7. La distorsione di pubblicazione può ancora esistere nonostante i tentativi di ottenere tutte le prove pubblicate e non pubblicate, poiché una quantità sostanziale di informazioni non è disponibile al pubblico.
8.
IL GRANDE QUADRO
Questo NMA rappresenta la più grande e completa valutazione dell’efficacia e dell’accettabilità degli antidepressivi nel trattamento acuto della depressione.
Lo studio mostra che tutti gli antidepressivi come gruppo sono più efficaci del placebo negli adulti con disturbo depressivo maggiore e le dimensioni degli effetti sommari erano modeste (0.30).
I risultati dell’efficacia e dell’accettabilità, tuttavia, non possono essere generalizzati a singoli sottogruppi clinici come la depressione resistente al trattamento, la depressione psicotica o quelli con malattia grave co-morbida.

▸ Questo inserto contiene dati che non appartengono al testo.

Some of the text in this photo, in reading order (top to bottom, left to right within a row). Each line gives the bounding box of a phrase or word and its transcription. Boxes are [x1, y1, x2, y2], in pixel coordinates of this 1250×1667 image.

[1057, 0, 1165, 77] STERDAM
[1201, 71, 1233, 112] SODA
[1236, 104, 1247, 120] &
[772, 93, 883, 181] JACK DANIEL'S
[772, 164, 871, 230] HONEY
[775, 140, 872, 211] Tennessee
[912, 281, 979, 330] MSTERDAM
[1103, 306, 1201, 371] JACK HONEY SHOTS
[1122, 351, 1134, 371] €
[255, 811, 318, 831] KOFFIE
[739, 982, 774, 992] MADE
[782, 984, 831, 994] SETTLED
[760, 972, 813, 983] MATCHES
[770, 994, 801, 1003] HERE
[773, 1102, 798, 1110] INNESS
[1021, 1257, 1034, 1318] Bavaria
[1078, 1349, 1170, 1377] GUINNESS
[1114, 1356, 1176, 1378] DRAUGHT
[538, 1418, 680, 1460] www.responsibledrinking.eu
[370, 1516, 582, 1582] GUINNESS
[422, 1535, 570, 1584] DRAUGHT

Lo studio STAR*D ha precedentemente dimostrato che solo 1/3 dei pazienti risponderà dopo il trattamento antidepressivo depressivo iniziale e la resistenza al trattamento non è rara.
Inoltre, c’è una sostanziale eterogeneità nei meccanismi d’azione degli AD che hanno un impatto sull’efficacia e la tollerabilità.
È quindi vitale per i clinici “abbinare” l’antidepressivo alle rispettive caratteristiche cliniche e mirare a minimizzare gli effetti collaterali adottando un modello decisionale condiviso.
I seguenti articoli dovrebbero essere letti insieme a questo NMA per informare la migliore pratica clinica: Meccanismo d’azione dei 21 antidepressivi in questo studio e le linee guida del RANZCP sulla gestione della depressione.